— Task goal —
Whenever a line of the records below contains the word "MOTUL", copy that line.

Input data below:

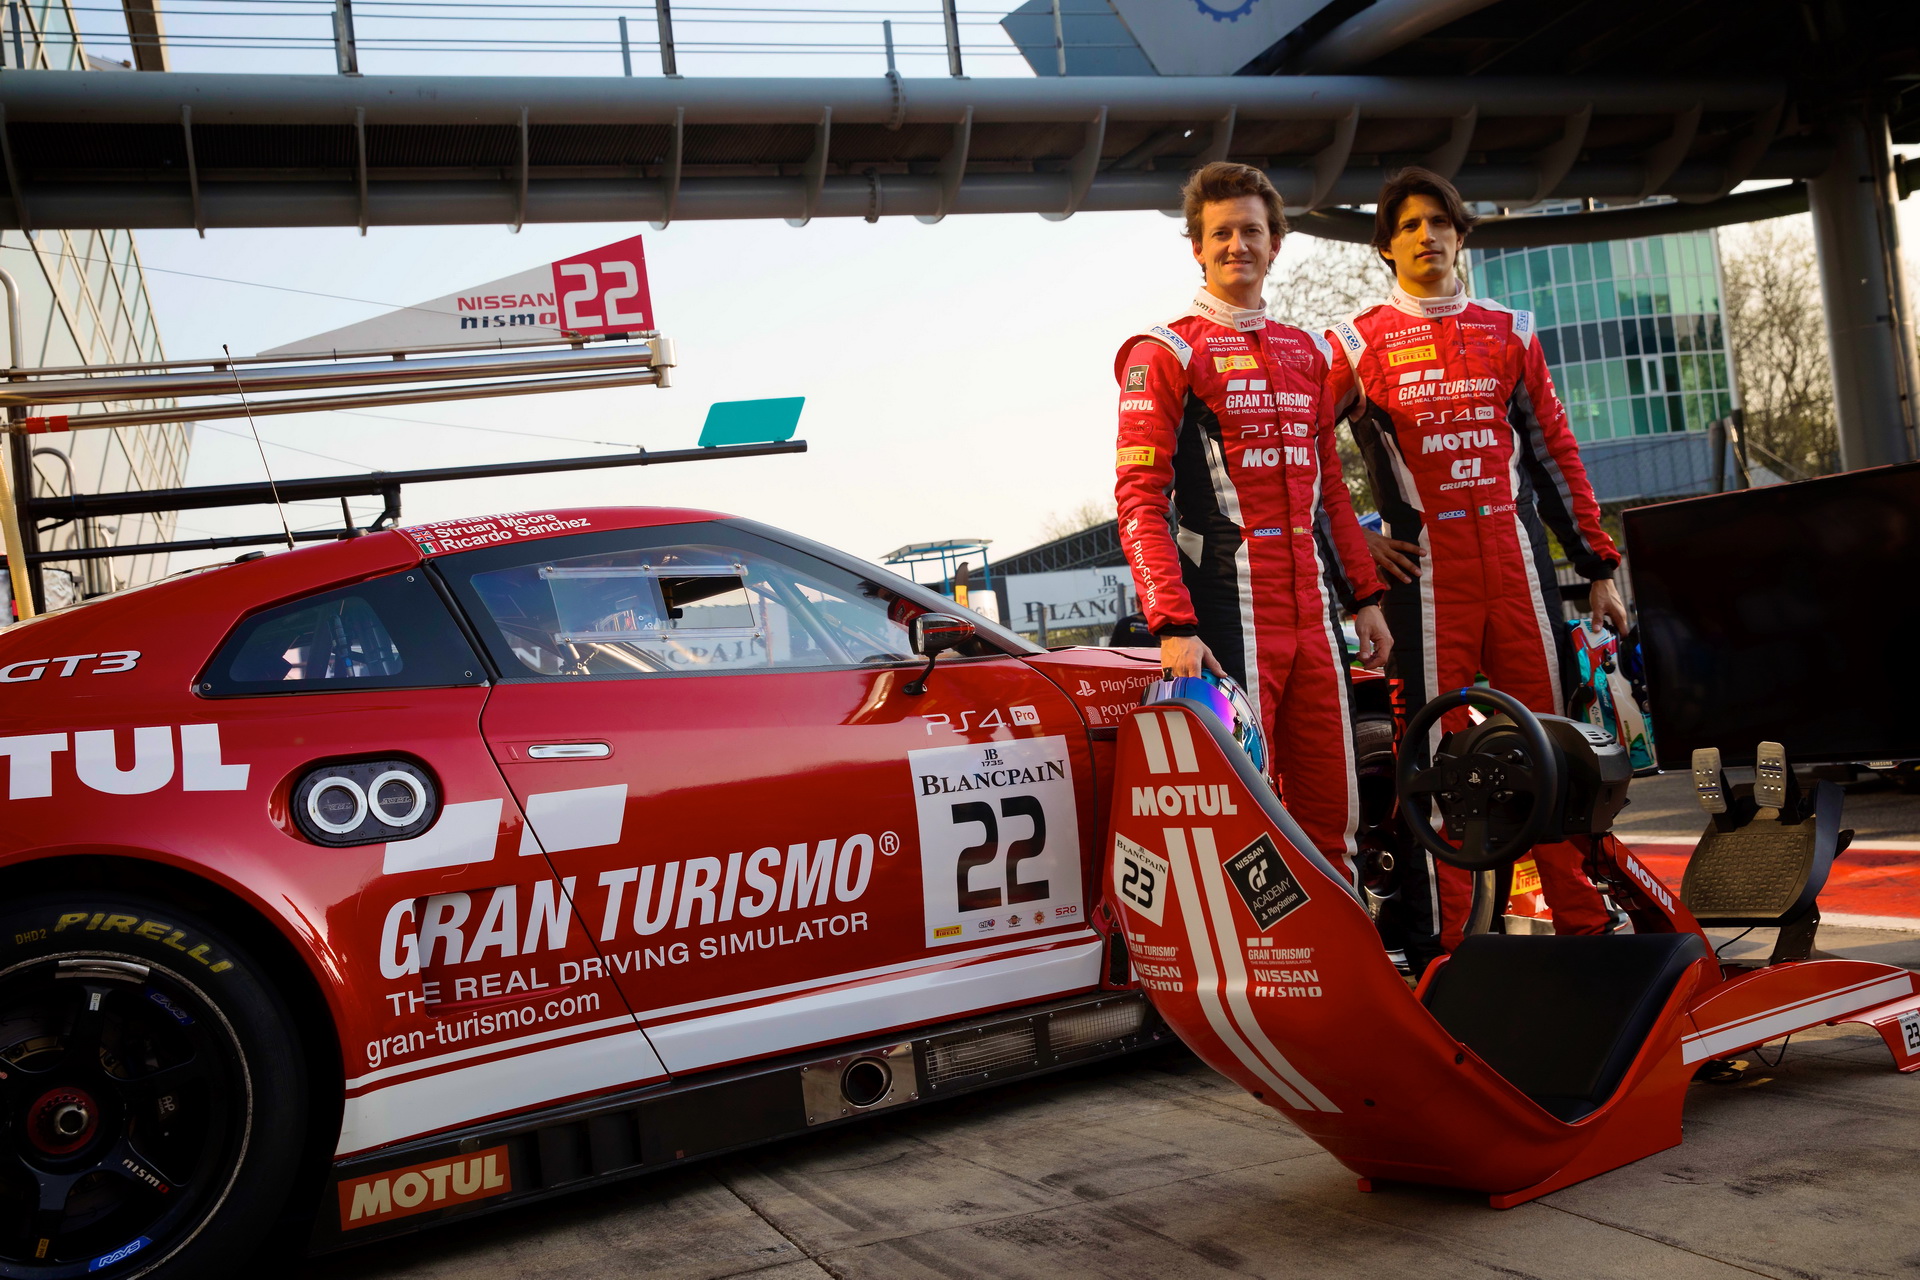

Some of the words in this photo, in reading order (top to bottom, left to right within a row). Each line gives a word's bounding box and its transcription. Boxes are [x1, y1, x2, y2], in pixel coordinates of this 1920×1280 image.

[457, 292, 555, 311] NISSAN
[560, 260, 644, 329] 22
[461, 312, 557, 329] nismo
[1240, 315, 1266, 329] NISS
[1384, 324, 1431, 340] nismo
[1386, 340, 1406, 349] NISMO
[1407, 334, 1433, 344] ATHLETE
[1393, 348, 1431, 363] PIRELLI
[1226, 394, 1260, 409] GRAN
[1262, 392, 1310, 407] TURISMO
[1398, 383, 1436, 401] GRAN
[1439, 378, 1497, 395] TURISMO
[1415, 408, 1473, 427] PS4
[1478, 409, 1492, 417] Pro
[1241, 423, 1293, 439] PS4
[1422, 428, 1498, 455] MOTUL
[1119, 452, 1150, 463] RELLI
[1242, 446, 1310, 468] MOTUL
[1451, 457, 1482, 480] GI
[1440, 480, 1475, 491] GRUPO
[1477, 477, 1497, 486] INDI
[1438, 509, 1466, 520] sparco
[1492, 503, 1517, 513] SANCHEZ
[434, 518, 498, 539] Struan
[498, 513, 557, 529] Moore
[440, 529, 513, 551] Ricardo
[514, 517, 591, 537] Sanchez
[1131, 539, 1157, 610] PlayStation
[0, 650, 142, 684] GT3
[1100, 673, 1162, 694] PlayStatio
[922, 708, 1008, 736] PS4
[1014, 710, 1035, 722] Pro
[0, 723, 251, 801] TUL
[981, 759, 1004, 767] 1735
[919, 759, 1066, 797] BLANCPAIN
[1132, 784, 1238, 817] MOTUL
[951, 795, 1050, 914] 22
[1116, 839, 1167, 875] BLANCPAIN
[1234, 845, 1265, 871] NISSAN
[1122, 857, 1155, 909] 23
[1515, 866, 1541, 890] PIREL
[1626, 854, 1676, 915] MOTUL
[1252, 877, 1291, 912] ACADEMY
[1267, 892, 1299, 917] PlayStation
[1055, 905, 1077, 916] SRO
[379, 877, 577, 980] GRAN
[54, 912, 235, 973] PIRELLI
[1144, 945, 1176, 957] TURISMO
[1248, 949, 1270, 960] GRAN
[1271, 947, 1311, 960] TURISMO
[386, 981, 441, 1017] THE
[454, 966, 550, 1002] REAL
[560, 941, 690, 986] DRIVING
[699, 911, 868, 960] SIMULATOR
[1134, 960, 1182, 979] NISSAN
[1253, 969, 1319, 983] NISSAN
[1255, 986, 1323, 998] nismo
[366, 989, 600, 1068] gran-turismo.com
[1905, 1022, 1920, 1050] 23
[122, 1157, 171, 1195] nismo
[348, 1153, 505, 1221] MOTUL
[98, 1239, 141, 1268] RAYS
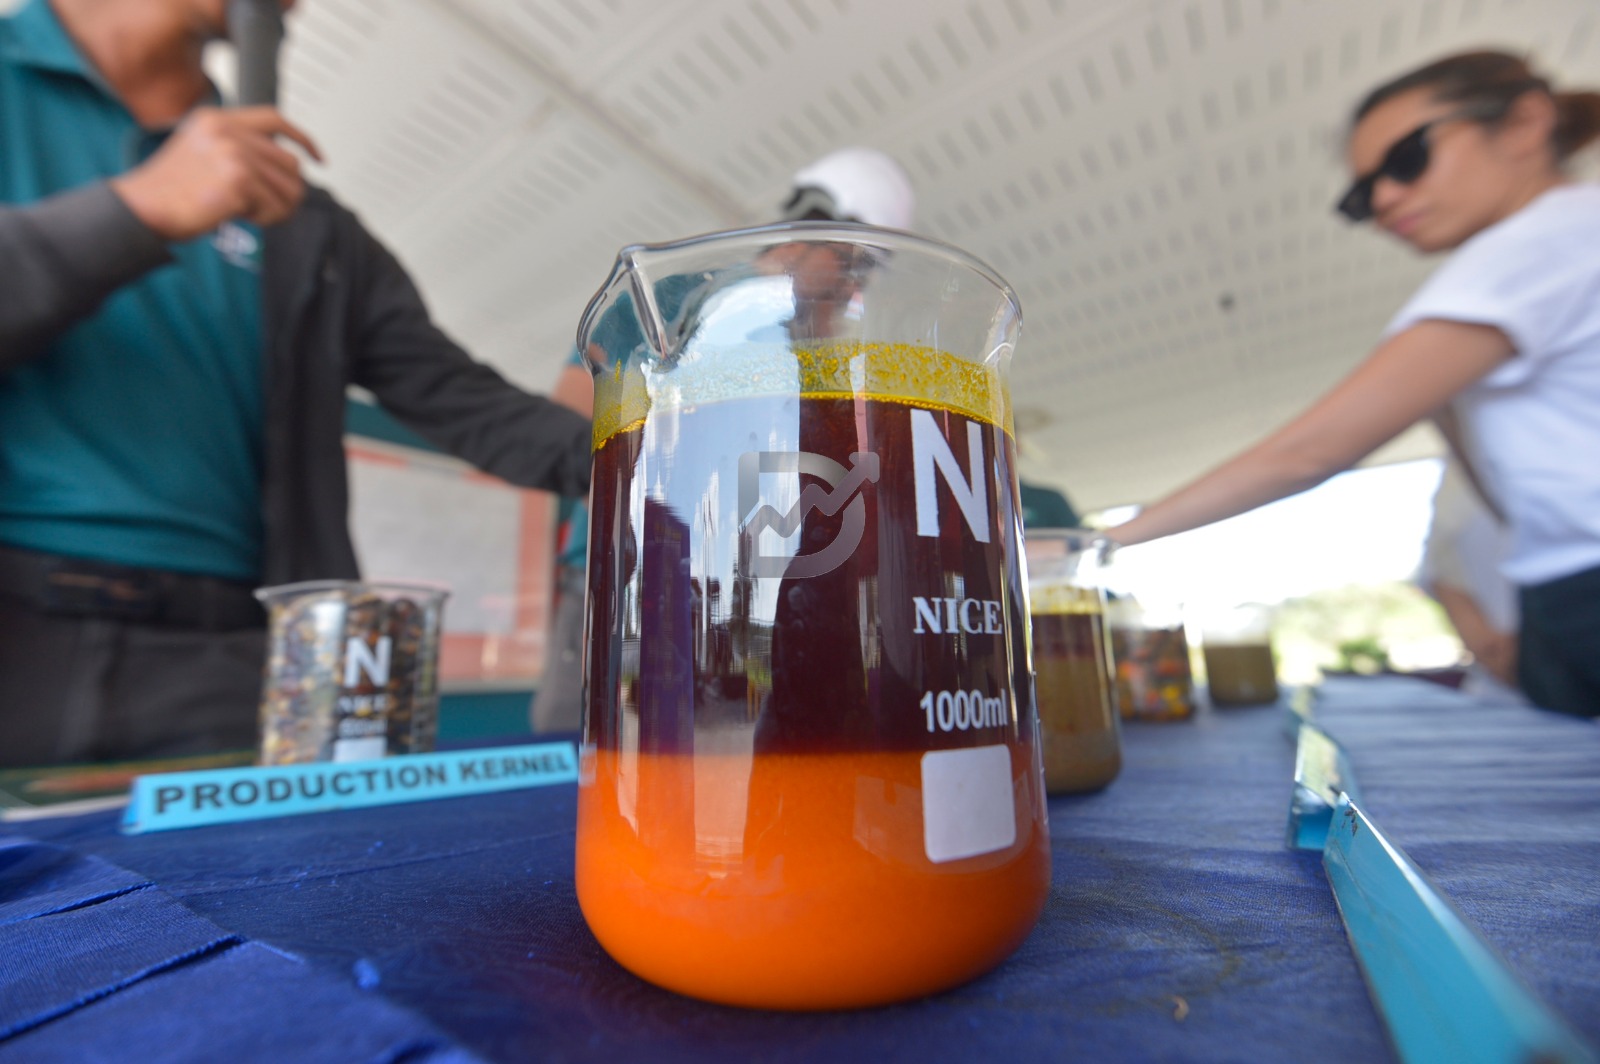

End of Input data.

— Reply —
[1422, 428, 1498, 455] MOTUL
[1242, 446, 1310, 468] MOTUL
[1132, 784, 1238, 817] MOTUL
[1626, 854, 1676, 915] MOTUL
[348, 1153, 505, 1221] MOTUL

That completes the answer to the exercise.